This exploration has defined several sizable geochemical targets and many anomalies, the best of which is a coincident soil, gossan and EM anomaly at the Halleys prospect, located within a major Ni-Cu-PGE system over a 35km long strike. Definition of such drill targets in such a short period clearly demonstrates the potential of the West Musgrave Region and the ability of Redstone's geological team to effectively and efficiently apply its geological models.

Halleys (part of Blackstone Range Project)

Slimline RC drilling under Halleys gossan outcrop (BSC001 to BSC005) intersected a mineralized zone up to 74m thick, in gabbroic rocks of the Saturn Complex layered intrusion. Significant RC intercepts include:

  • 74m @ 0.29% Cu, 0.08% Ni, and 0.17g/t Pt+Pd+Au (from 6 to 80m, open at depth) with up to 2% disseminated chalcopyrite, including 20m @ 0.56% Cu, 0.14% Ni and 0.32g/t Pt+Pd+Au (BSC003);
  • 9m @ 0.56% Cu, 0.11% Ni and 0.35g/t Pt+Pd+Au (BSC005); and
  • 20m @ 0.56% Cu, 0.14% Ni and 0.32g/t Pt+Pd+Au from 16m (BSC003).

Peak values received in drilling include 1.1% Cu, 0.27% Ni, 1.2g/t Au, and 0.47g/t Pt+Pd+Au.

Results for the first 119 vertical RAB drill holes completed around the periphery of the gossan outcrop at Halleys include:

  • 19m @ 0.21% Cu, 0.08% Ni and 0.13g/t Pt+Pd+Au (BSB0054 open at depth);
  • 28m @ 0.16% Cu, 0.11% Ni and 0.19g/t Pt+Pd+Au (BSB0070 open at depth); and
  • 3m @ 0.20% Cu, 0.20% Ni and 0.49g/t Pt+Pd+Au (BSB0058 open at depth).

The mineralization defined to 70m below surface is open down dip (moderately dipping 20- 40° northeast dip) and down plunge. Geological interpretation, drilling and geochemical results have highlighted a pipe-like geometry to the mineralized body with a diameter of approximately 450m, and a true thickness of up to 250m. Significantly, RAB drilling has intersected higher grade nickel and Pt-Pd-Au at the bottom hole BSB0058, demonstrating the potential for higher grade nickel-PGEs at depth.

Drilling 400m to the northwest, into EM anomalies along strike of the Halleys outcrop, has intersected barren clay, with fresh bedrock intersected at 75m down hole. The EM anomalies represents deep weathering which may relate to preferential weathering of sulphide mineralization, but deeper RC or diamond drilling is required to test the 3D geometry of the mineralization.

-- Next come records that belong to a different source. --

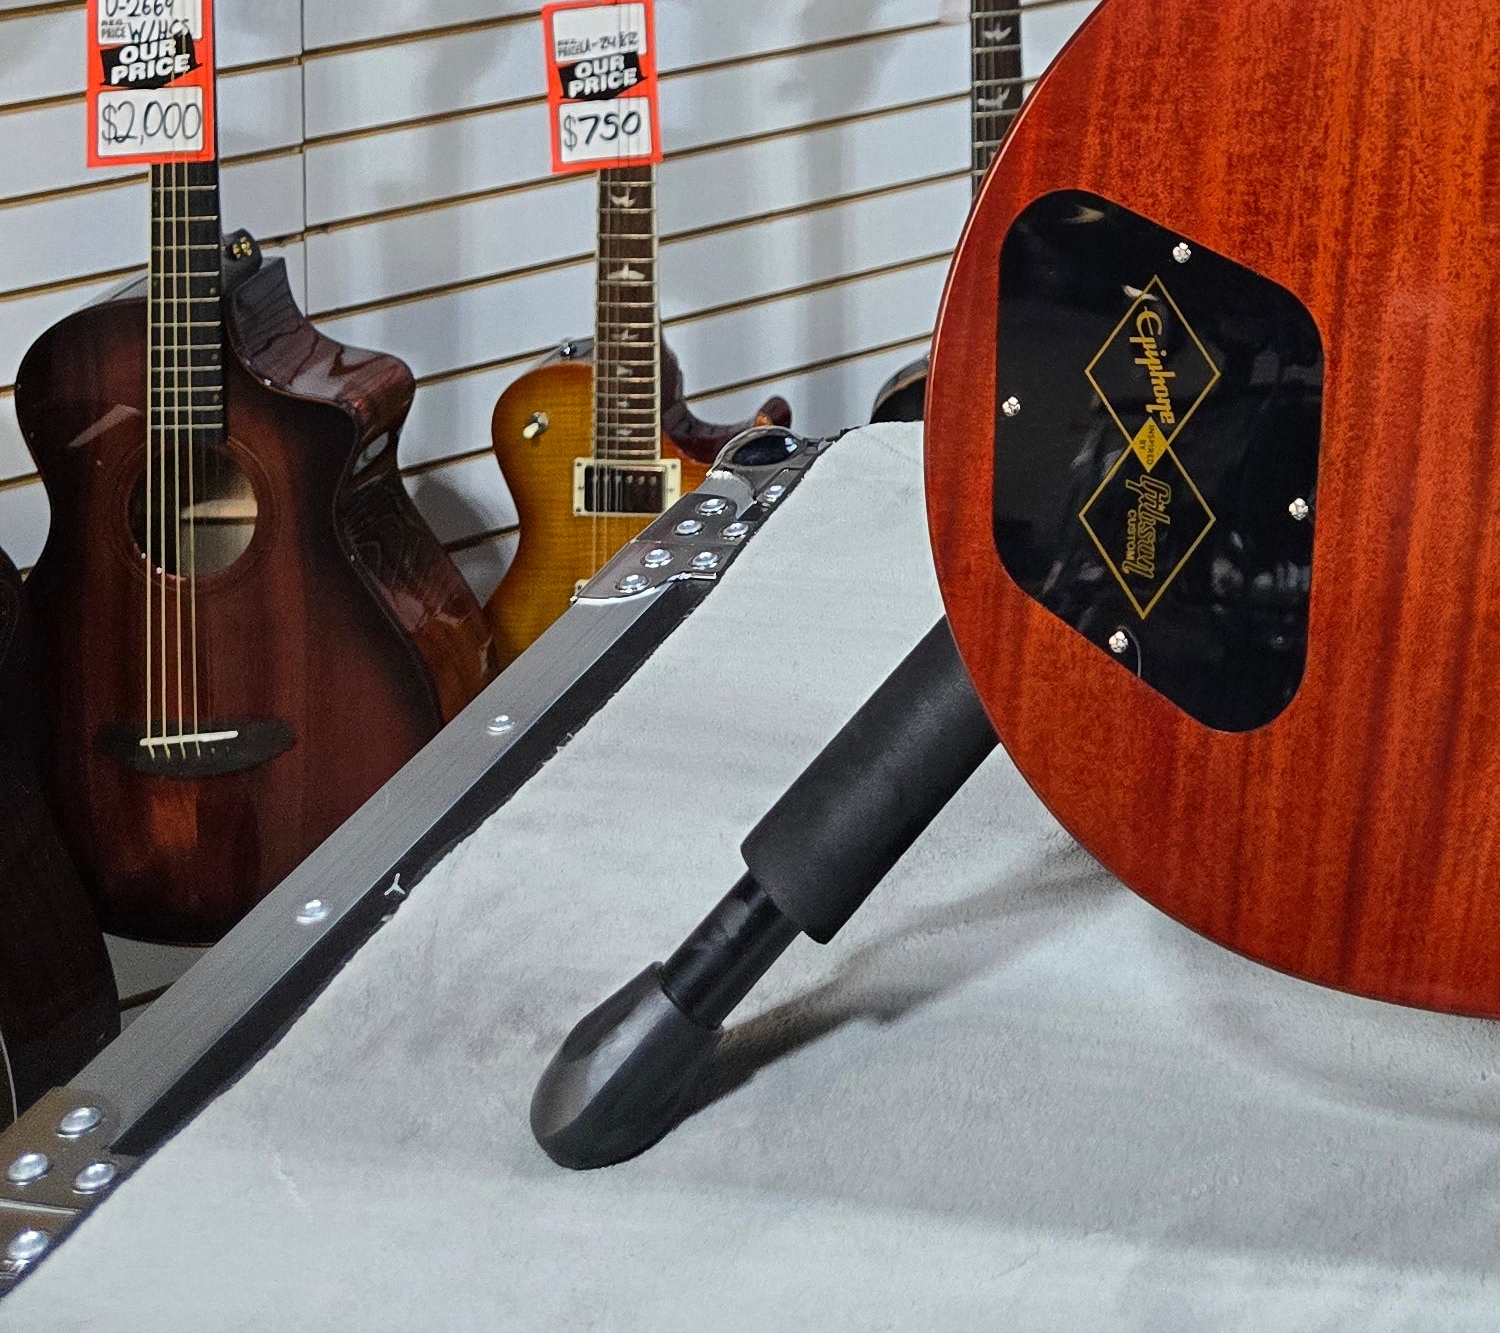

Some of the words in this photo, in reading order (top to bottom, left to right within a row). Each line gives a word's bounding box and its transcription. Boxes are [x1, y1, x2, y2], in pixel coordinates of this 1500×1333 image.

[111, 53, 191, 85] PRICE
[119, 39, 177, 64] OUR
[574, 55, 625, 79] OUR
[568, 67, 638, 98] PRICE
[102, 101, 201, 146] $2,000
[563, 111, 641, 151] $750
[1129, 306, 1177, 425] Epiphone
[1147, 424, 1156, 466] INSPIRED
[1122, 474, 1171, 579] Gibson
[1126, 508, 1138, 561] CUSTOM

Drilling at Titan has intersected thick sequences of copper and PGE anomalous gabbro, with results of up to 0.2% Cu from shallow RAB drill holes. Two RAB traverses to the north east of the Saturn Intrusion (1.6km apart) were conducted at Helena. The eastern line yielded a peak intercept in the bottom of a 4m hole, of 1m @ 0.18% Cu, 0.08%Ni and 0.11% Zn (BSB0457 – 3 to 4m) hosted in gabbro. PGE results are not yet available. This is extremely anomalous and further evaluation work and follow-up drilling will be conducted.

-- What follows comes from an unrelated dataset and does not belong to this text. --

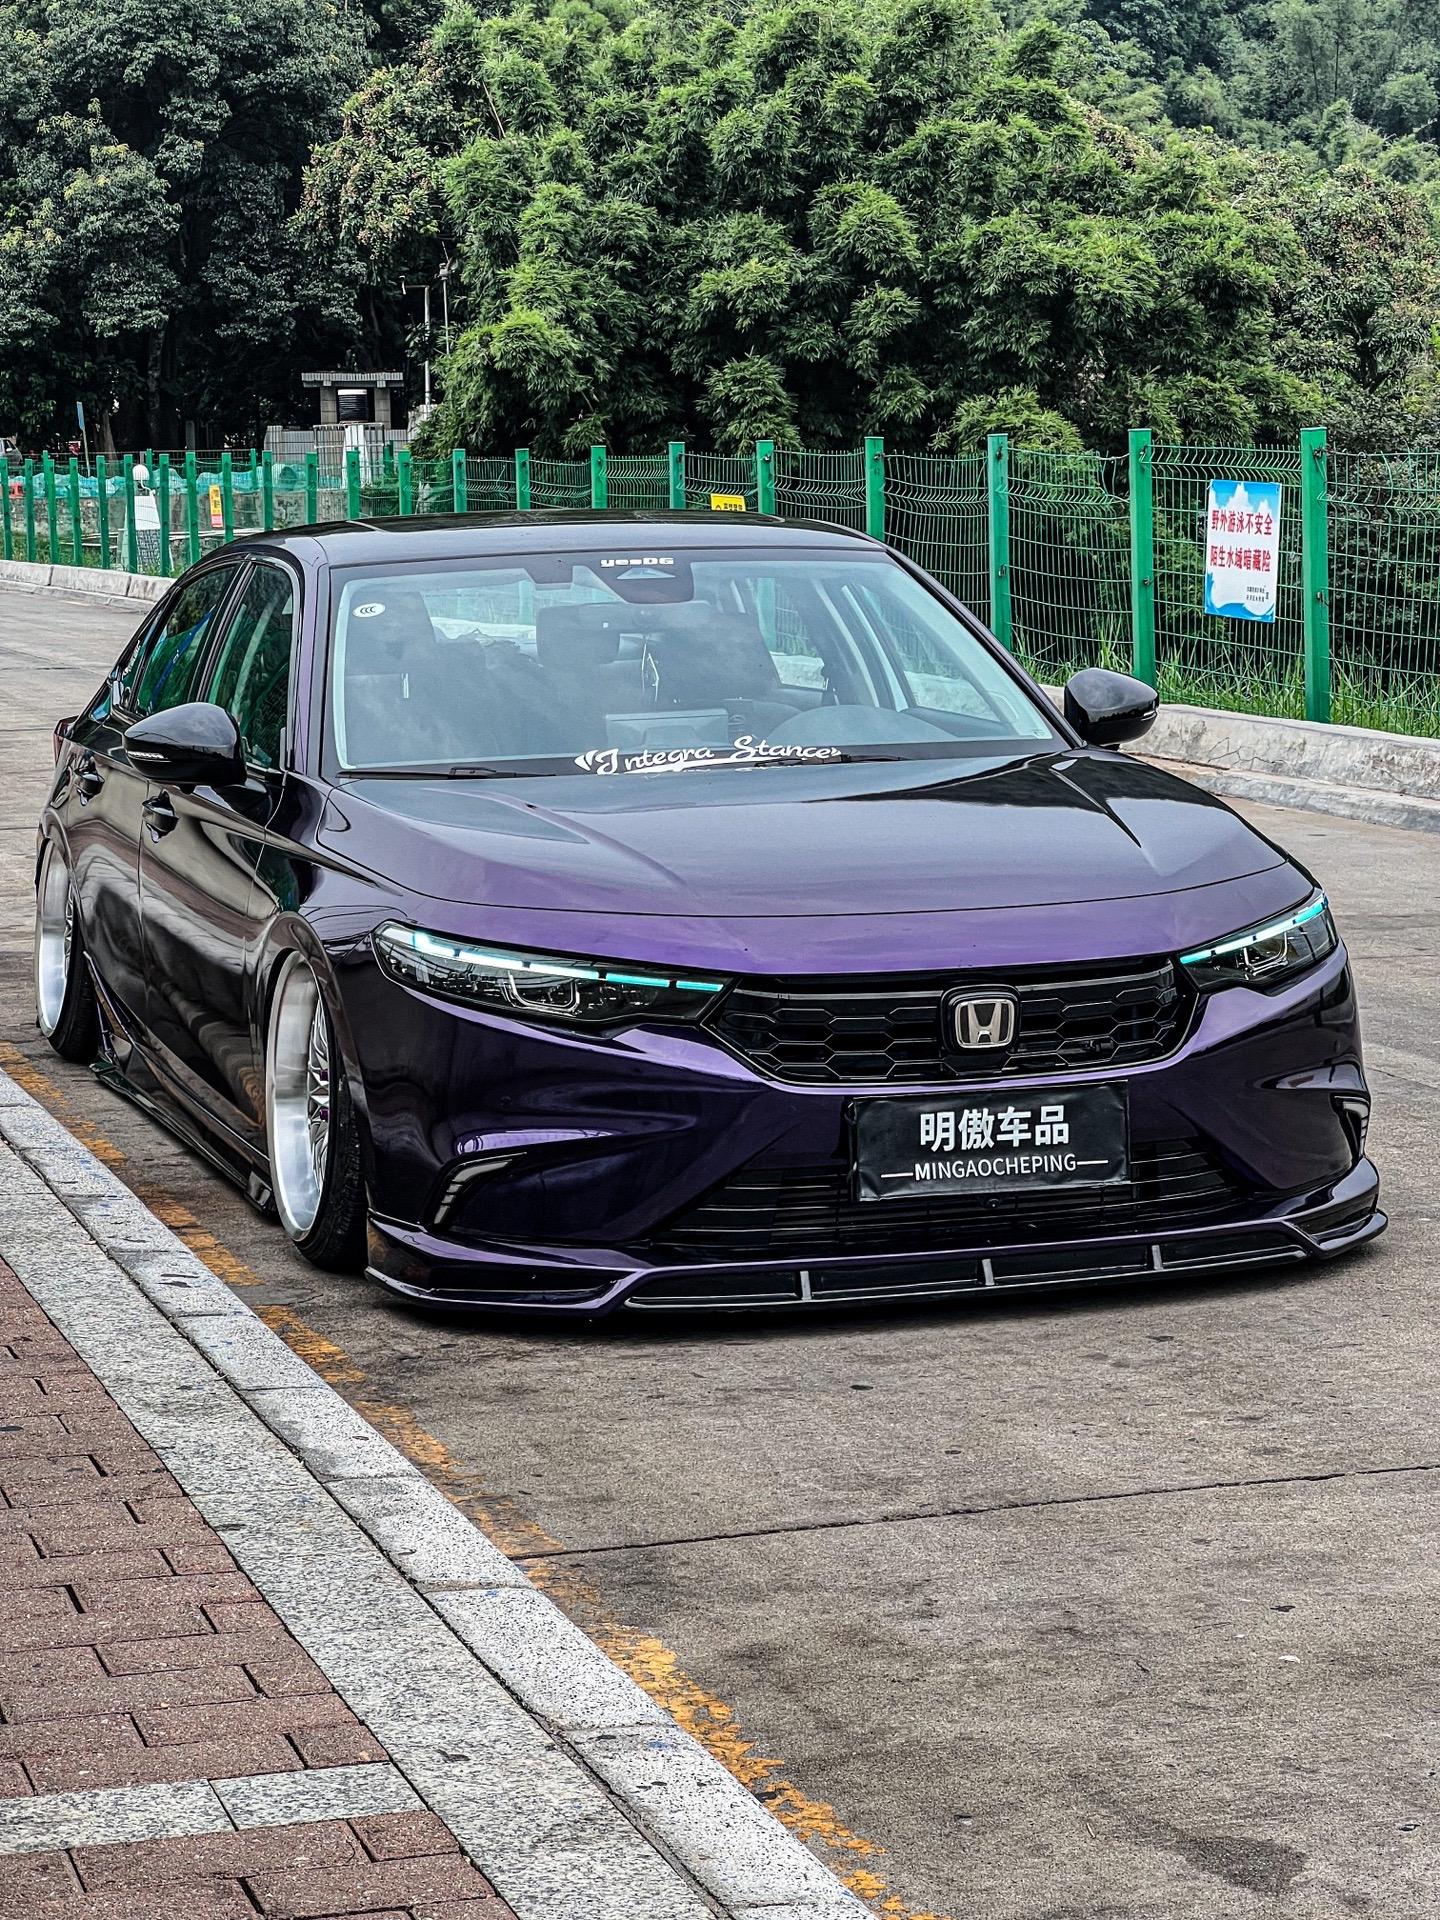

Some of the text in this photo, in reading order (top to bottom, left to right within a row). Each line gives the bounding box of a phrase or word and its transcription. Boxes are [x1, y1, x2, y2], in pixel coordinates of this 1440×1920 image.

The results confirm Redstone's geological model that massive volumes of sulphide are present in the Saturn Complex and that the district is highly prospective for world-class Ni-Cu-PGE and PGE deposits. The copper-PGE mineralization so far drilled is likely to be only a small part of a much larger system nearby. RAB drilling of a 9.5km PGE geochemical anomaly has confirmed a 2.5km anomaly, which is open to the northwest and demonstrates the PGE reef potential of the entire Saturn Complex.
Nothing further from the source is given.